本申请实施例提供的图像处理方法可部署在相关设备的计算节点上,通过软件算法能够有效的实现本申请实施例中的反光检测和去除的方法。下面结合图6对本申请实施例的系统架构进行详细描述。
如图6所示,本申请实施例的图像处理方法可以由图像反光检测与去除系统软件架构500实现,其中反光检测与去除系统软件架构可以包括:图像预处理模块510,网络推理模块520,图像后处理模块530和软件处理模块540。下面对各个模块进行详细说明。
图像预处理模块510,用于对原始图像进行预处理,例如将原始的高清大图处理成固定大小的小图。图像预处理模块510的输入为原始图像,输出为固定大小的小图,该小图可以作为网络推理模块520的输入图像,该输入图像的尺寸符和网络推理模块520的神经网络模型的输入尺寸。由于原始高清大图的往往具有较高的分辨率,例如4K分辨率,超出了图像反光检测与去除神经网络模型的输入尺寸,因此需要对原始图像进行预处理,使得处理后的图像能够适应图像反光检测与去除神经网络模型的输入。示例性地,可以用下采样,或者减均值,或者归一化等方式对原始图像进行预处理。示例性地,预处理后得到的输入图像为896×896像素的小图。应理解,预处理后得到的输入图像的尺寸还可以是其他符合图像反光检测与去除神经网络模型的输入要求的尺寸,本申请实施例对此不作限定。
图像预处理模块510是可选的模块。在一些实施例中,原始图像的尺寸符合网络推理模块520的神经网络模型的输入尺寸要求,在这种情况下,无需对原始图像进行预处理,输入网络推理模块520的输入图像为原始图像。
网络推理模块520,包括反光消除模型,用于对输入图像做初步反光消除处理。其中,反光消除模型的输入原始图像,或者输入原始图像经过图像预处理得到的输入图像,输出 为对输入图像进行反光消除后的图像(例如,下文所述的第一图像)。
在一些实施例中,网络推理模块520还可以包括反光判断模型,用于判断输入图像是否有反光。其中,反光判断模块的输入为第一图像和输入图像,输出为初步反光判断结果。例如,该判断结果为:输入图像有反光;或者,输入图像无反光。
一些反光消除模型对于输入图像的尺寸有限制。换句话说,此类反光消除模型只能处理分辨率较低的图像,例如896×896像素。在此情况下,可以通过图像预处理模块510将高清大图的原始图像(例如4K分辨率)预处理为小图像输入反光模型中。本申请的这种处理方案,使得即使使用低分辨率的反光消除模型,也能处理高清大图的反光问题。

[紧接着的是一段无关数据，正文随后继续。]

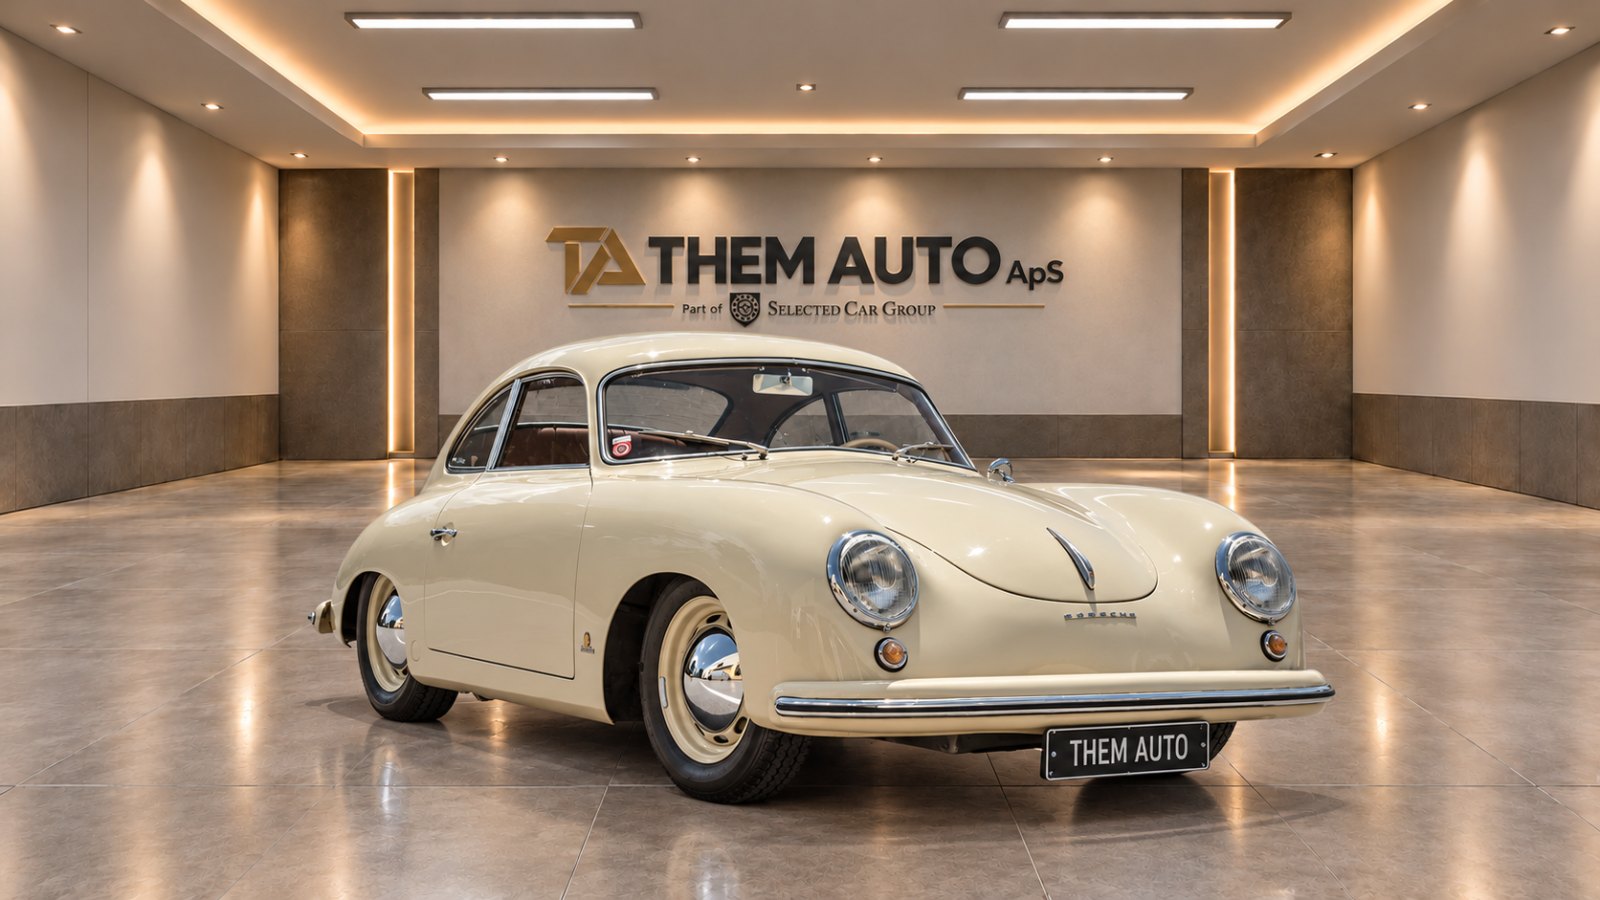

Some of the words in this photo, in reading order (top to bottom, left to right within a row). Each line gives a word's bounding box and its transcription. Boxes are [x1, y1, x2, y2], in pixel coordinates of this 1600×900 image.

图像后处理模块530,用于判断输入图像是否有反光,并根据判断结果对原始图像进行处理,输出消除反光的图像。
在一些实施例中,网络推理模块520包括反光判断模型,图像后处理模块530用于根据反光判断模型的判断结果确定输入图像是否有反光。当确定输入图像有反光时,对原始图像进行处理,输出消除反光的图像;否则,输出原始图像。
在一些实施例中,图像后处理模块530包括反光层强度判断单元,该反光层强度判断单元的输入为第一图像和输入图像,输出为判断输入图像是否有反光的判断值。图像后处理模块530还用于根据反光层强度判断单元的判断结果,确定输入图像是否有反光。当确定输入图像有反光时,对原始图像进行处理,输出消除反光的图像;否则,输出原始图像。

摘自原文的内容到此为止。